_What is expected:_
Restate the data word for word. Leave the pictures out.

··· Data shown

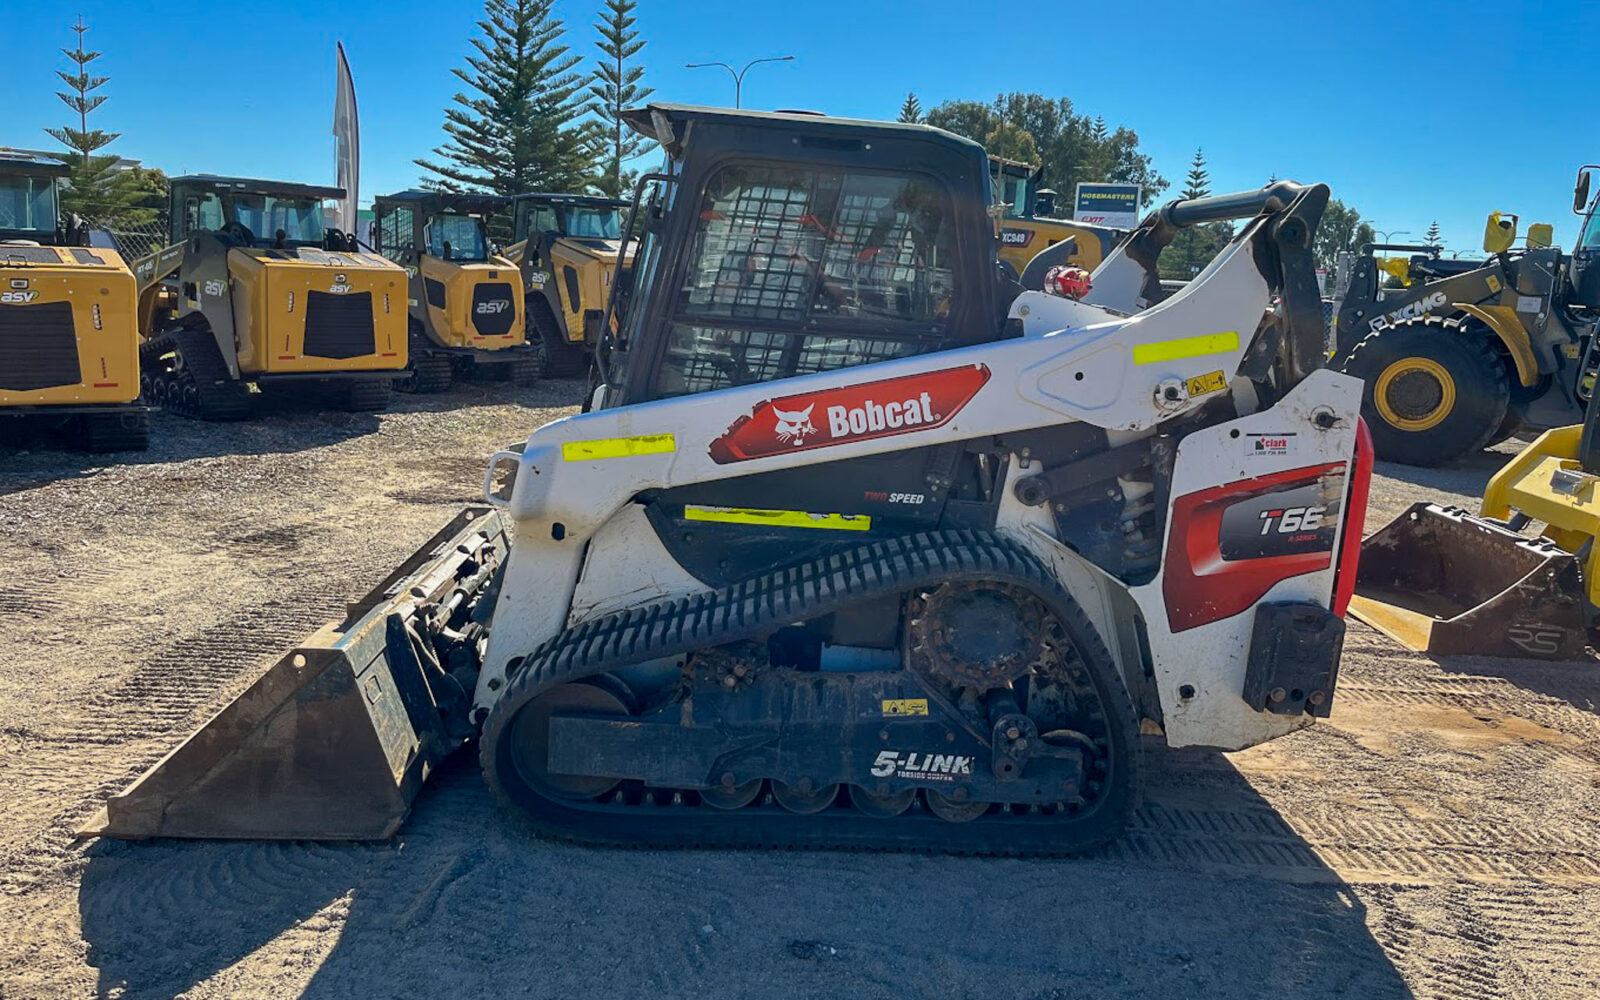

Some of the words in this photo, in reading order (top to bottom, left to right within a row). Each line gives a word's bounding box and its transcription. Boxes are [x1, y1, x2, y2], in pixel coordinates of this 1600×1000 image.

[1081, 192, 1136, 200] HOSEMASTERS
[1390, 291, 1447, 320] XCMG
[827, 392, 934, 438] Bobcat
[888, 493, 925, 504] SPEED
[1260, 507, 1327, 536] T66
[870, 750, 970, 777] 5-LINK
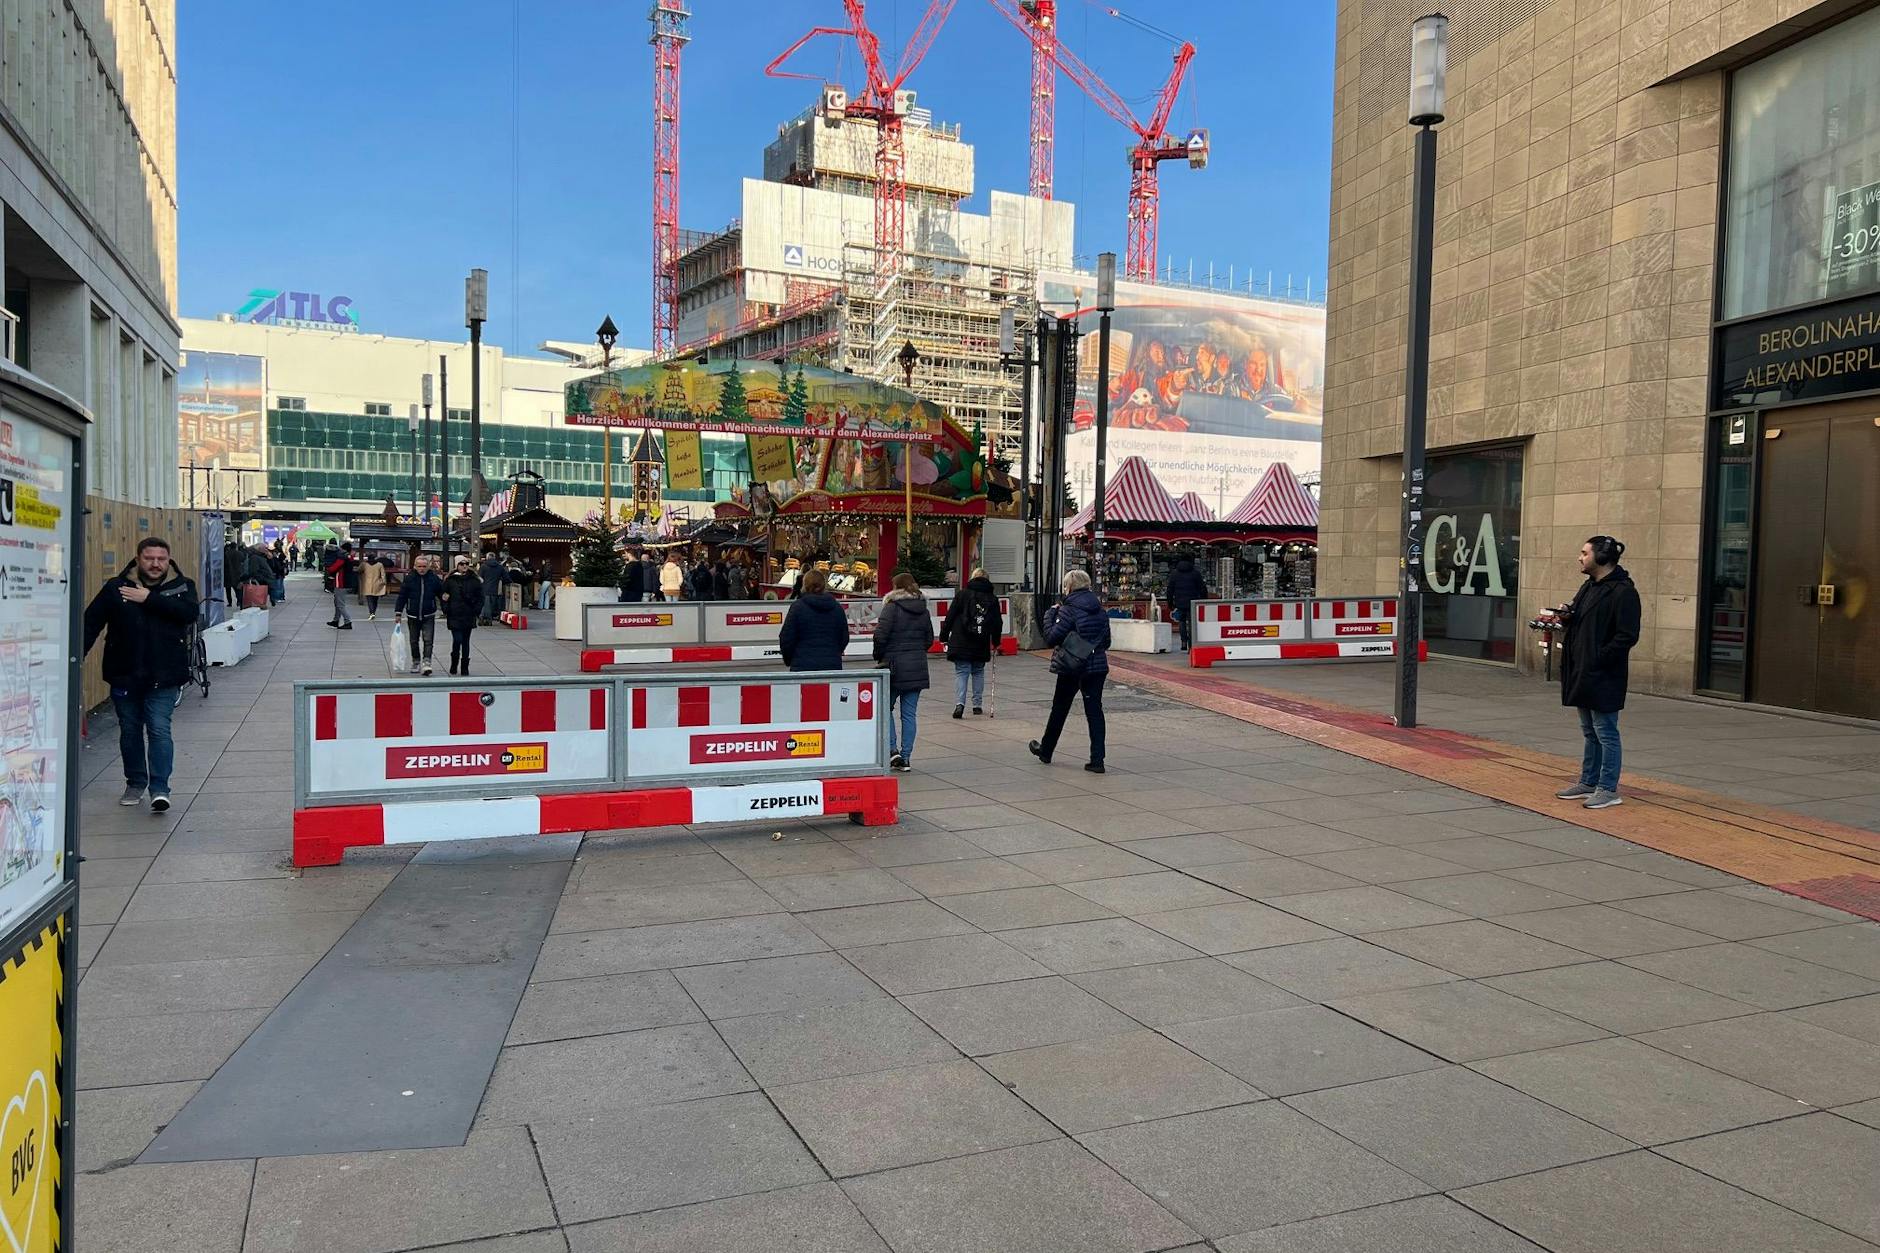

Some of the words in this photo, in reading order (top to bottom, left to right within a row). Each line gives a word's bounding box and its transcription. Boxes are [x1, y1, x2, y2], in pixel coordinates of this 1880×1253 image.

······

_Task result:_
Some of the words in this photo, in reading order (top to bottom, left to right within a row). Each line gives a word's bounding box and its transcription. Boxes are [x1, y1, x2, y2], in pixel coordinates of this 1600×1000 image.

[1081, 192, 1136, 200] HOSEMASTERS
[1390, 291, 1447, 320] XCMG
[827, 392, 934, 438] Bobcat
[888, 493, 925, 504] SPEED
[1260, 507, 1327, 536] T66
[870, 750, 970, 777] 5-LINK

Some of the words in this photo, in reading order (top to bottom, left to right within a row). Each line gives a word's bounding box and its transcription. Boxes are [x1, y1, x2, y2], in pixel coordinates of this 1880×1253 image.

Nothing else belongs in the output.